Il Centro Mondialità Sviluppo Reciproco ha proposto al National Aids Control Programme (Nacp) un programma per il controllo integrato delle malattie a trasmissione sessuale.
Il progetto è stato approvato dall’Unaids e realizzato in collaborazione con il Dipartimento regionale della sanità di Dodoma.
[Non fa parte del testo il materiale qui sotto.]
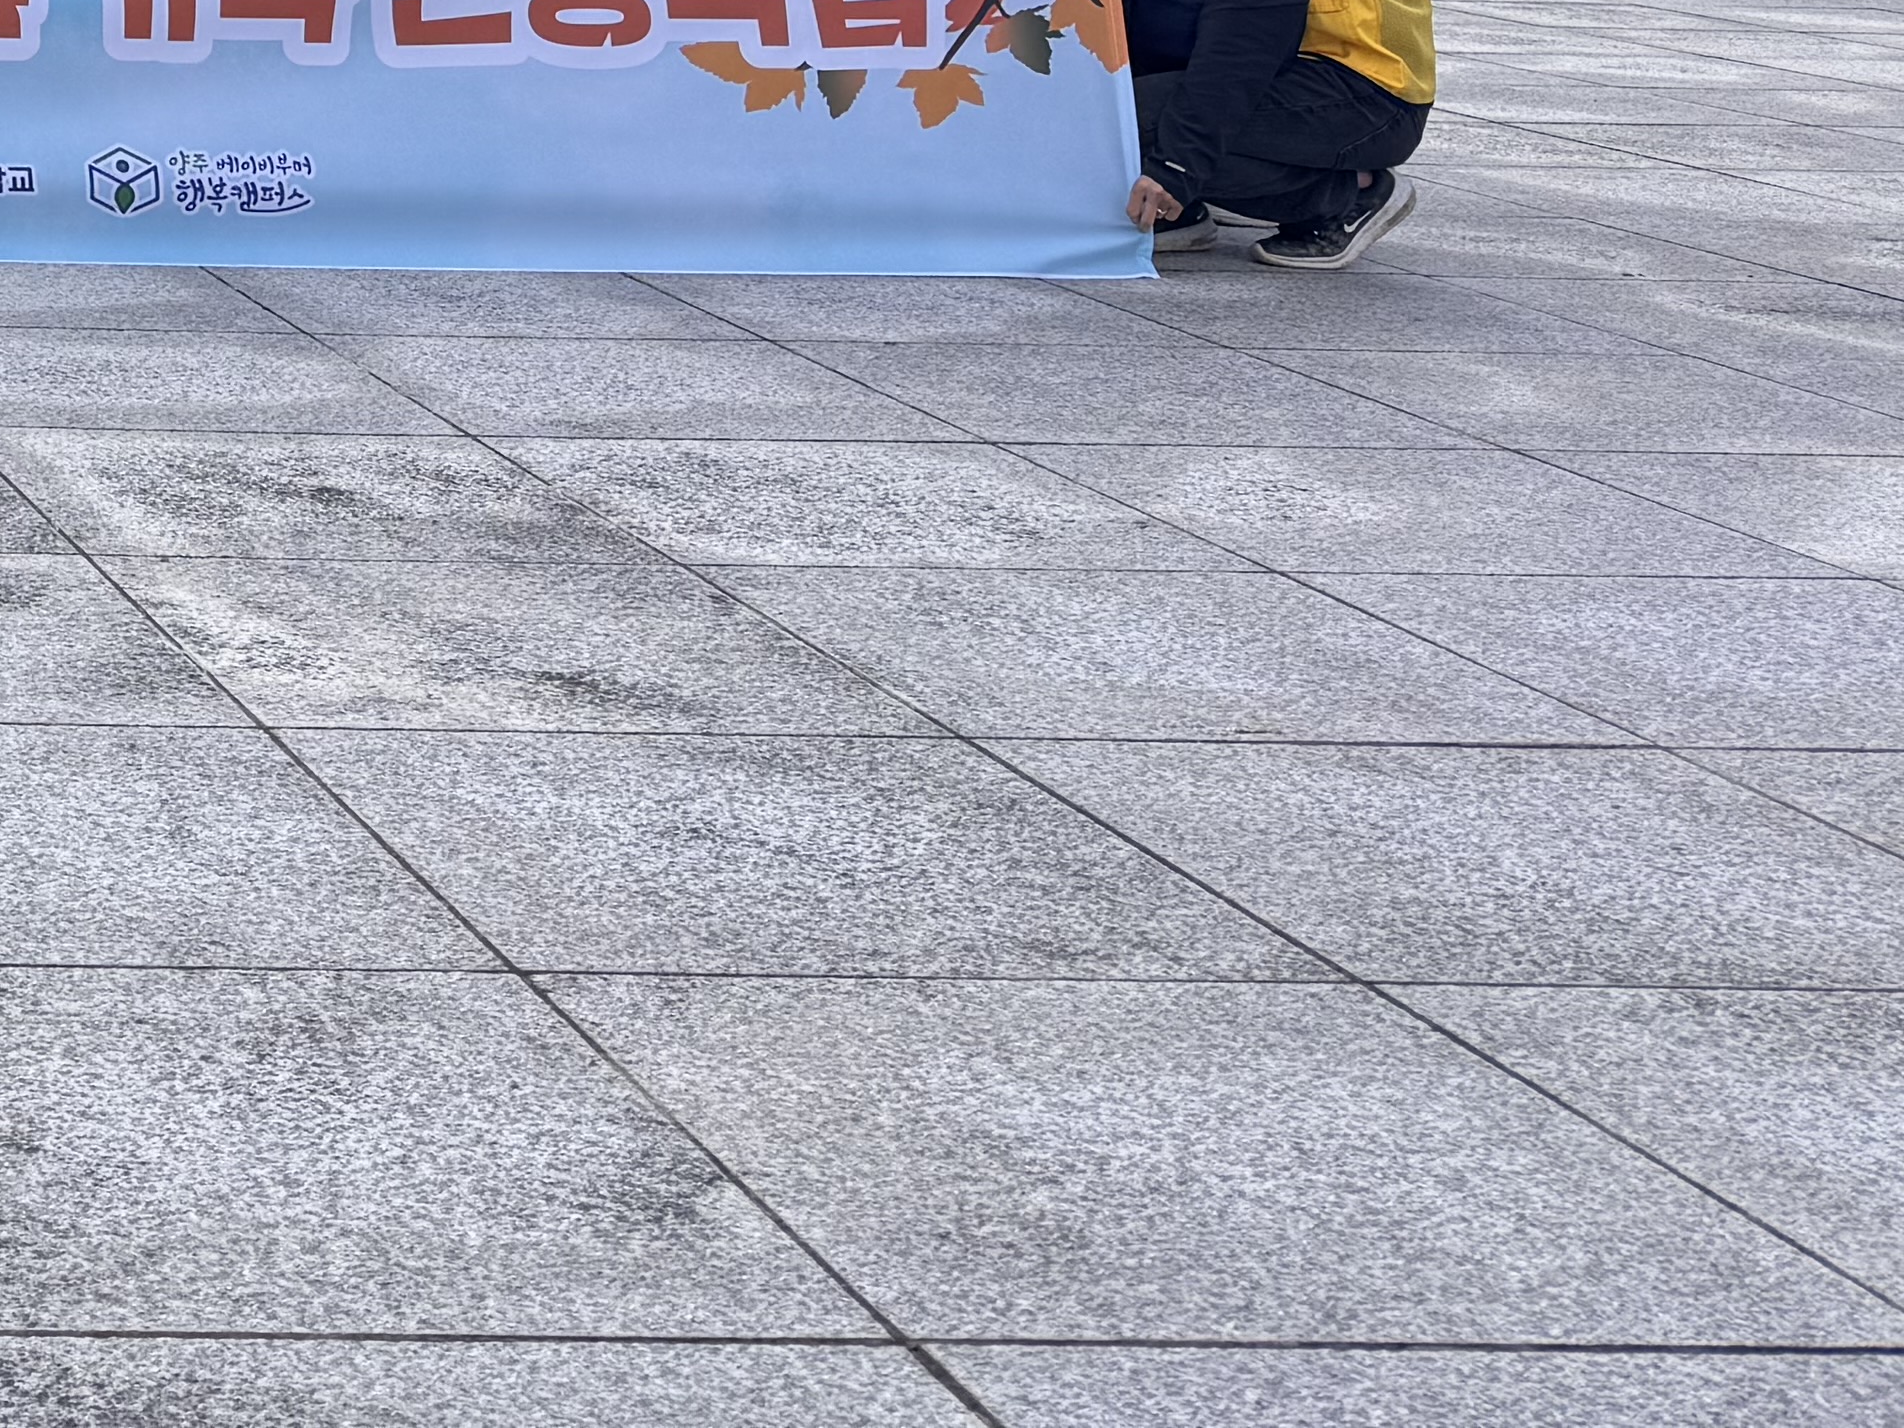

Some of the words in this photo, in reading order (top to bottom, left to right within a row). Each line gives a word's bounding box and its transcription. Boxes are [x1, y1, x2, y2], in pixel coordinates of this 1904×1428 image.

[168, 150, 210, 172] 양주
[215, 151, 313, 176] 베이비부머
[175, 180, 312, 214] 행복캠퍼스
Nel 1999 è stata presentata ed accettata una seconda fase del progetto, con lo scopo di espandere e consolidare quanto conseguito nel corso della prima. Le due fasi del progetto hanno lo scopo di migliorare i servizi di consulenza, trattamento e controllo delle malattie.
Obiettivo generale
Incrementare l’accesso alle unità sanitarie di pazienti affetti da malattie trasmesse sessualmente e per le persone considerate a rischio. Incrementare la disponibilità di farmaci specifici per il trattamento delle malattie trasmesse sessualmente.
Obiettivo specifico
Aumentare la qualità della sanità, relativamente alle malattie trasmissibili e in generale, attraverso l’acquisto di farmaci e attrezzature mediche specifiche e la formazione del personale sanitario già attivo in loco.
Attività
Durante il corso del 1999 è stato effettuato l’acquisto e la relativa distribuzione ai District medical officers dei farmaci, nonché l’attività di formazione del personale, sotto la guida del District medical officer e del coordinatore del Centro Mondialità Sviluppo Reciproco-Tanzania.
Sono state effettuate attività relative al controllo della sifilide attraverso la distribuzione di test e l’effettuazione degli screening in cinque cliniche. Sono stati supervisionati due volte i distretti sanitari di Mpwapwa, Kongwa, Dodoma urban, Dodoma rural e Kondoa.
È stato compilato un libretto informativo/educativo per personale clinico a cura del Regional medical officer.
La seconda parte di questo intervento ha dato vita al progetto Ukimwi.